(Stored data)
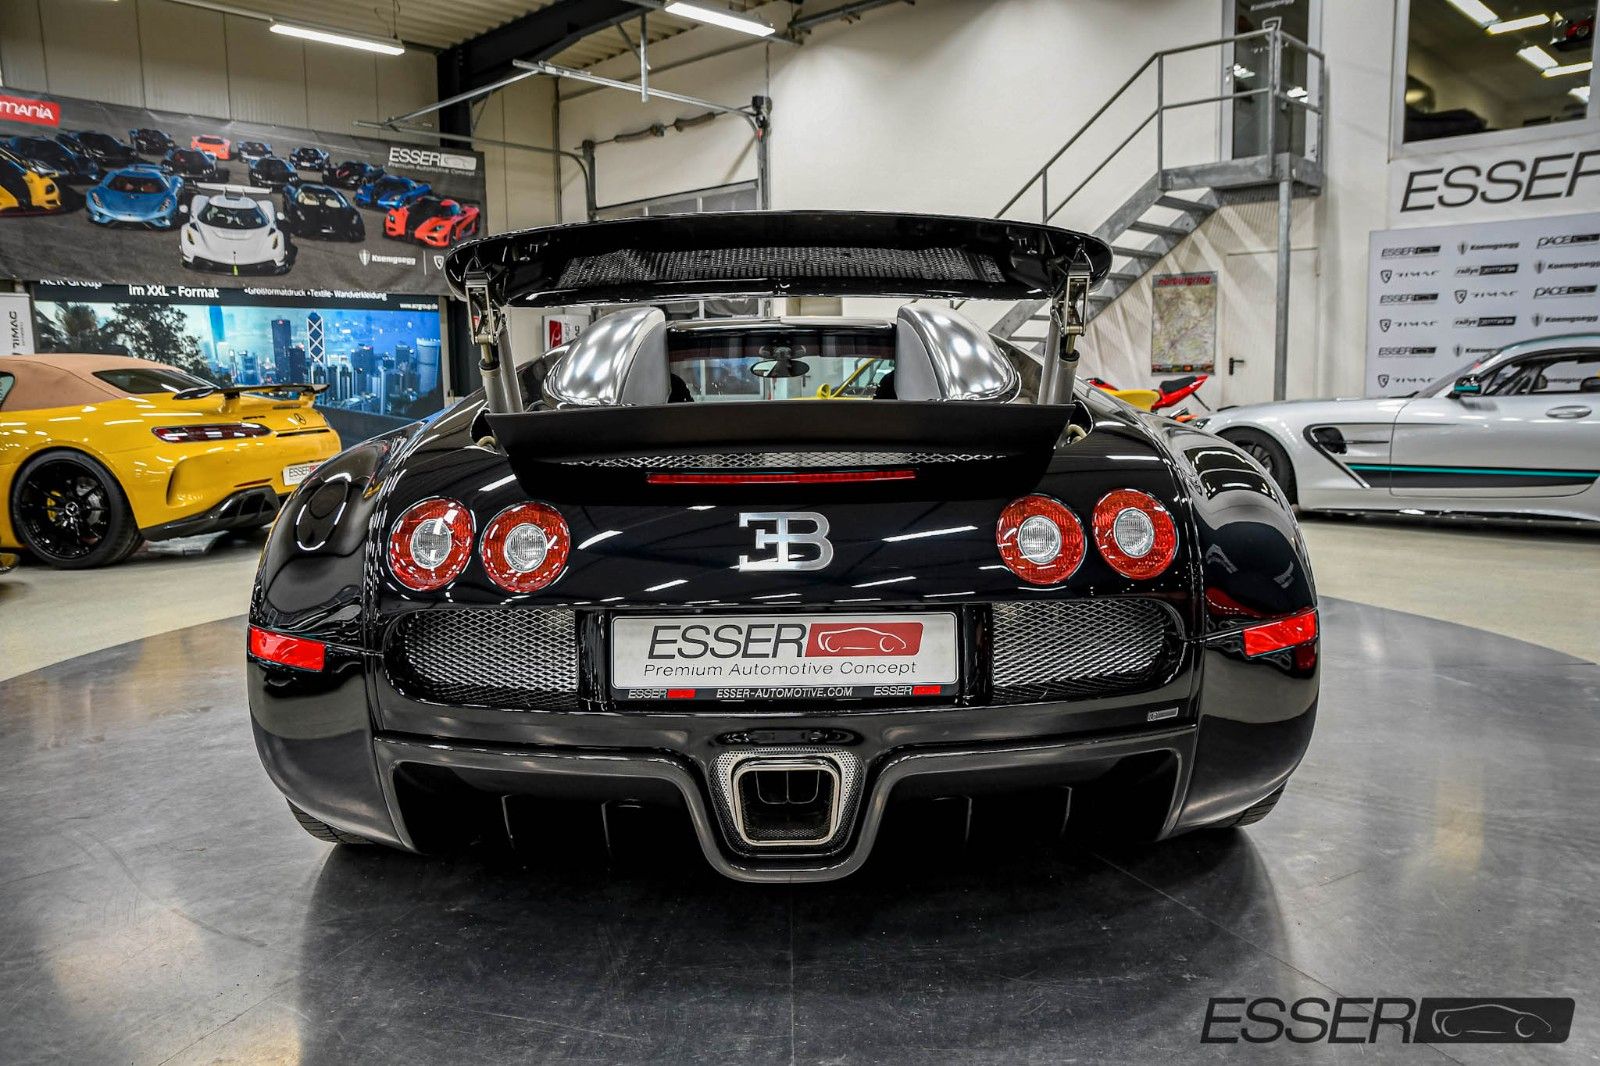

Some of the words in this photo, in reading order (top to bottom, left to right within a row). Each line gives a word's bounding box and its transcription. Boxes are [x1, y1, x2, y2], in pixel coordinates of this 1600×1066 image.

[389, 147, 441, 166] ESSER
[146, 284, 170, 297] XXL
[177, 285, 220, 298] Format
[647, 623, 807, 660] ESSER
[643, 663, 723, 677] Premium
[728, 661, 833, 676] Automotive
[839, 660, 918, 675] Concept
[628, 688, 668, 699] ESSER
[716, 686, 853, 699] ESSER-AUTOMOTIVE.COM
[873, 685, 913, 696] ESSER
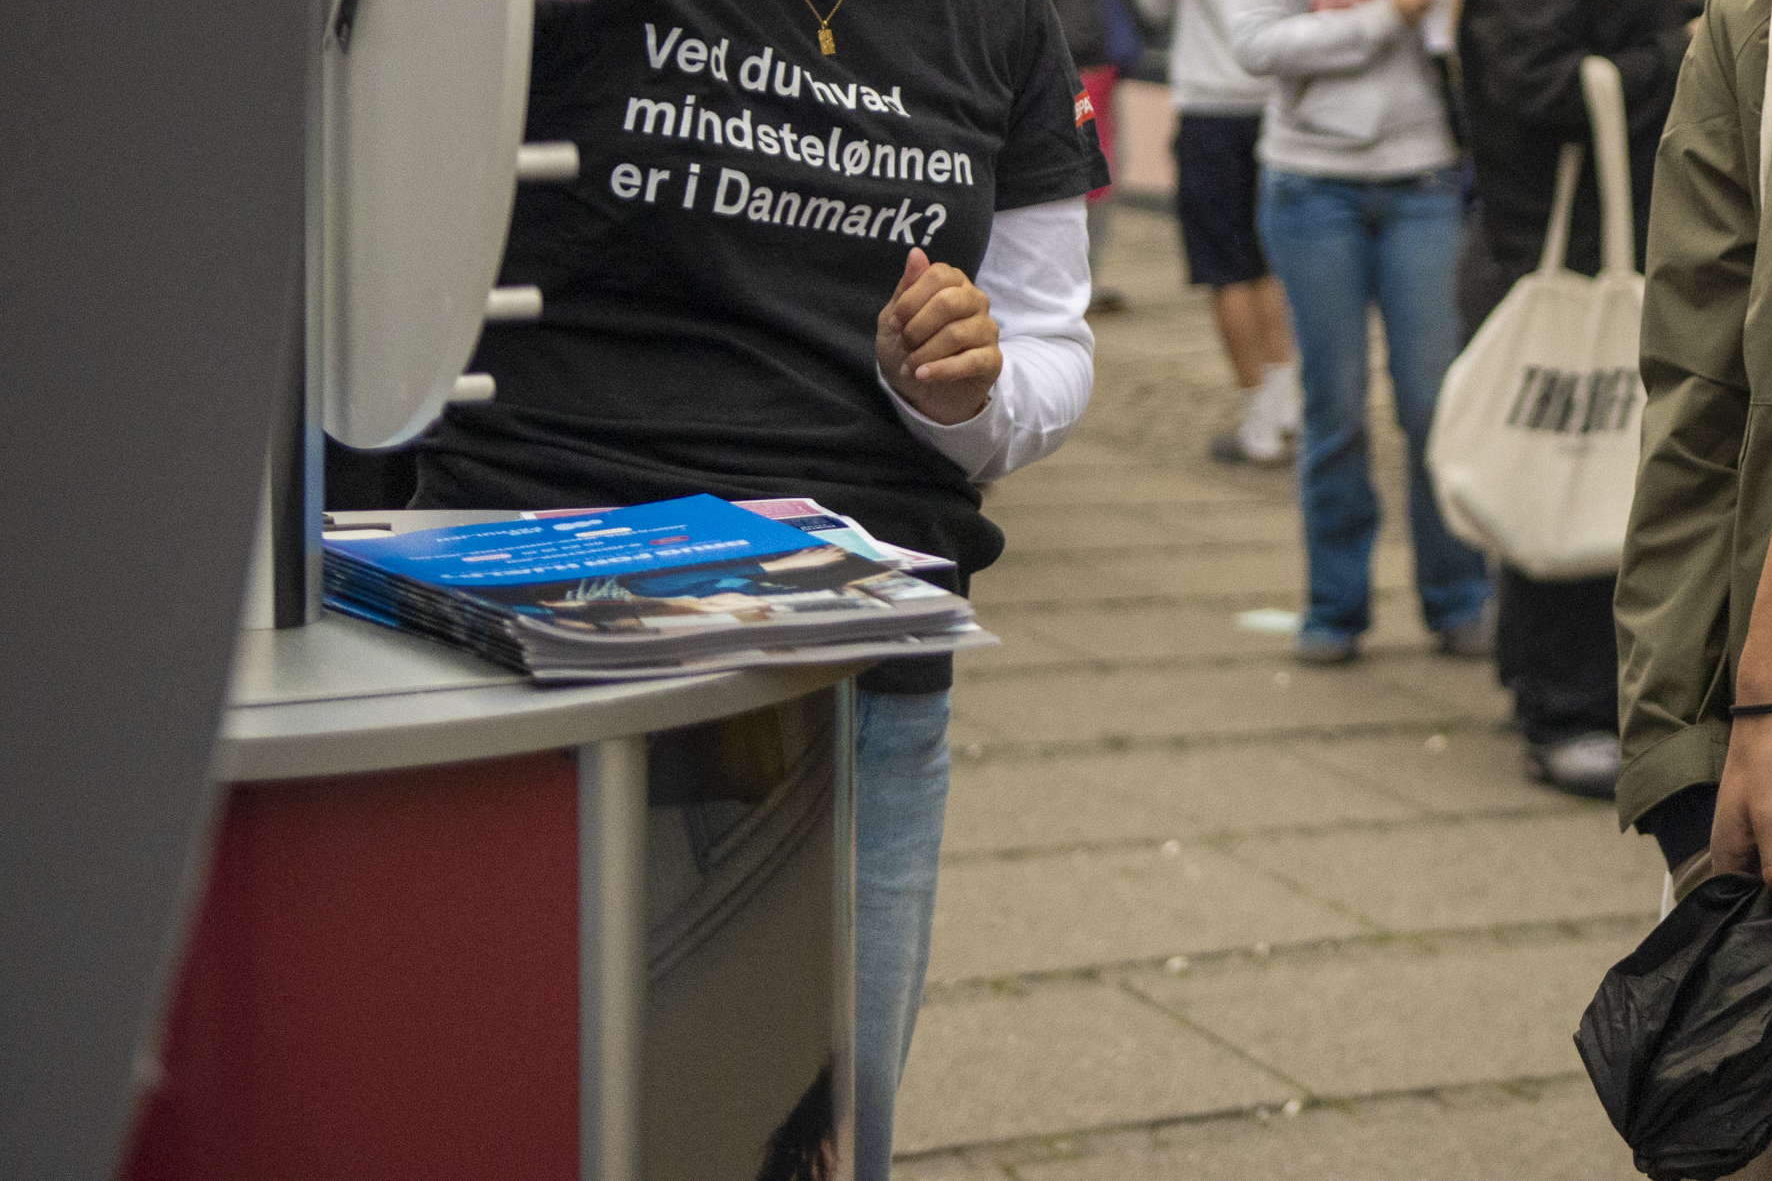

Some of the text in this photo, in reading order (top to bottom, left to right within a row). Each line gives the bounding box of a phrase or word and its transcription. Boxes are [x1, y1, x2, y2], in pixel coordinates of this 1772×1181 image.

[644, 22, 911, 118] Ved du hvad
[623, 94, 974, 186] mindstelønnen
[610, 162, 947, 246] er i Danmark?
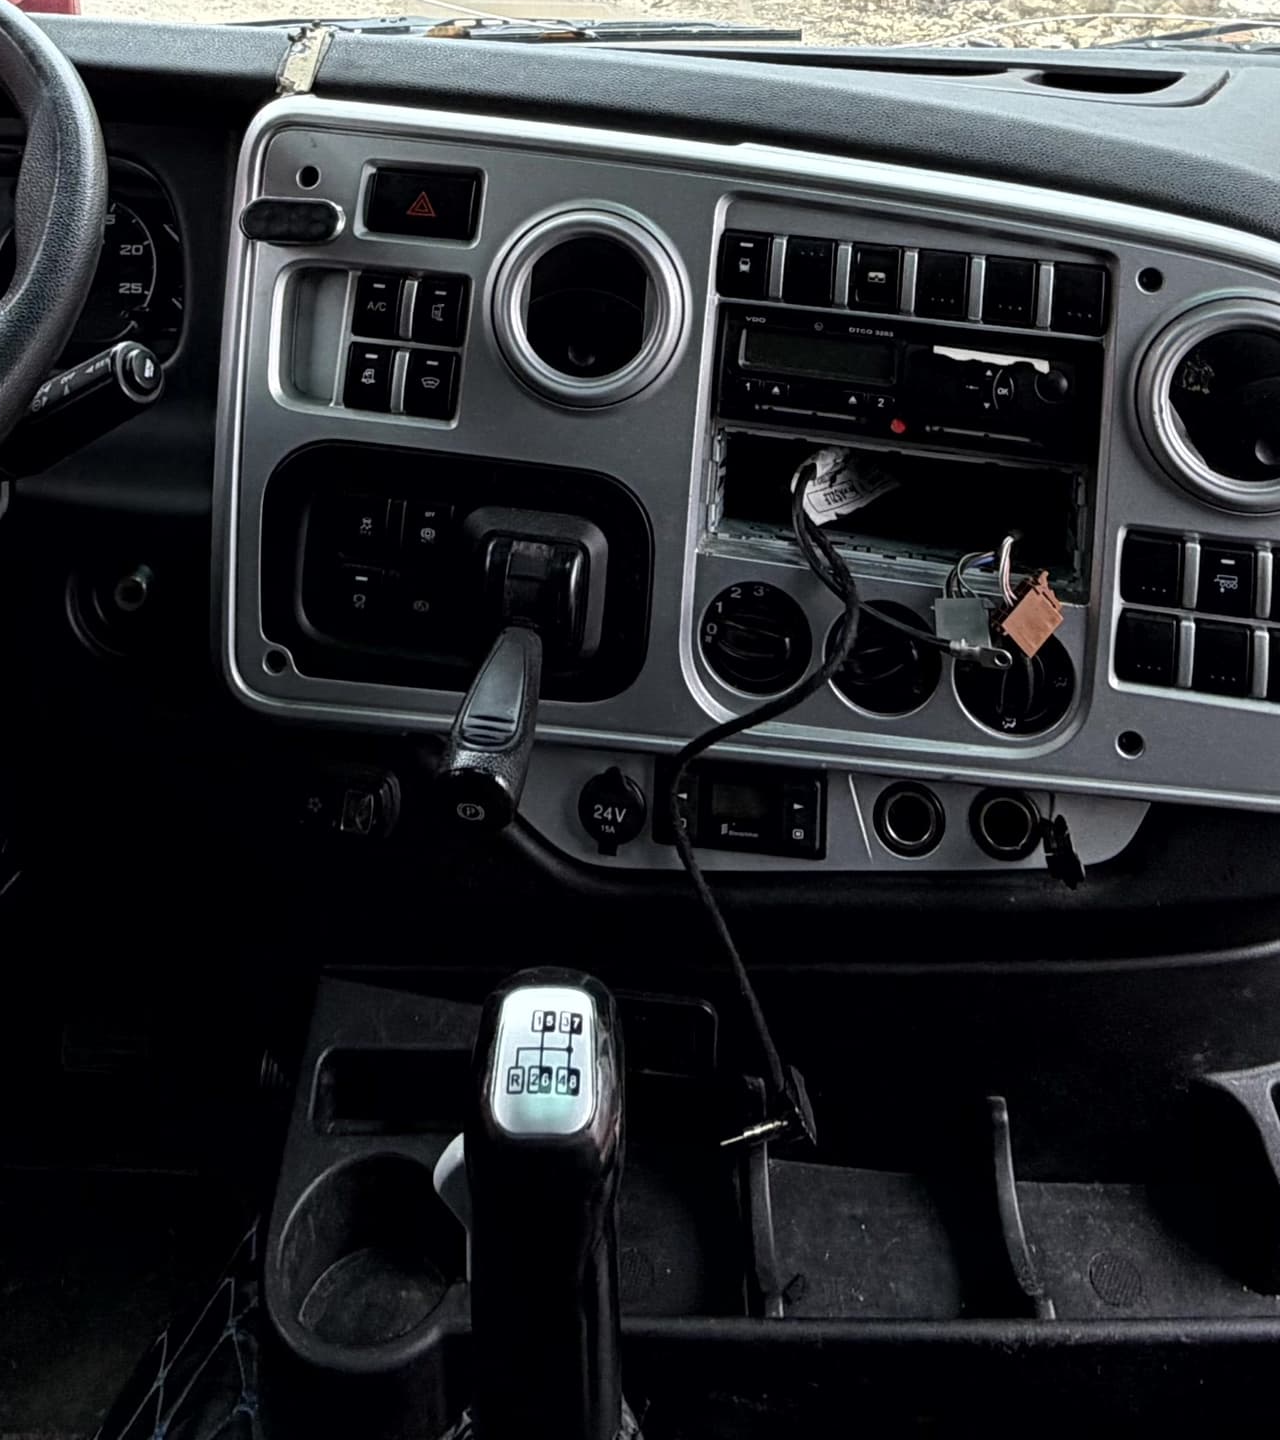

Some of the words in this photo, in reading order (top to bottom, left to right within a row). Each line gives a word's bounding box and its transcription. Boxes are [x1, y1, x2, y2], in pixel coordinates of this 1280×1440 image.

TASK OBJECTIVE ▸ All of the records above must be copied exactly, except for the pictures.

RESPONSE FOR THIS EXERCISE ▸
Some of the words in this photo, in reading order (top to bottom, left to right within a row). Each line gives a word's bounding box and its transcription. Boxes are [x1, y1, x2, y2], in pixel coordinates of this 1600×1066 image.

[389, 147, 441, 166] ESSER
[146, 284, 170, 297] XXL
[177, 285, 220, 298] Format
[647, 623, 807, 660] ESSER
[643, 663, 723, 677] Premium
[728, 661, 833, 676] Automotive
[839, 660, 918, 675] Concept
[628, 688, 668, 699] ESSER
[716, 686, 853, 699] ESSER-AUTOMOTIVE.COM
[873, 685, 913, 696] ESSER

Some of the text in this photo, in reading order (top to bottom, left to right within a row). Each line gives the bounding box of a phrase or word and its transcription. Boxes are [x1, y1, x2, y2], in pixel coordinates of this 1772×1181 image.

[644, 22, 911, 118] Ved du hvad
[623, 94, 974, 186] mindstelønnen
[610, 162, 947, 246] er i Danmark?

Some of the words in this photo, in reading order (top to bottom, left to right within a row). Each line gives a word's bounding box and its transcription. Boxes are [x1, y1, x2, y2], in pixel coordinates of this 1280×1440 image.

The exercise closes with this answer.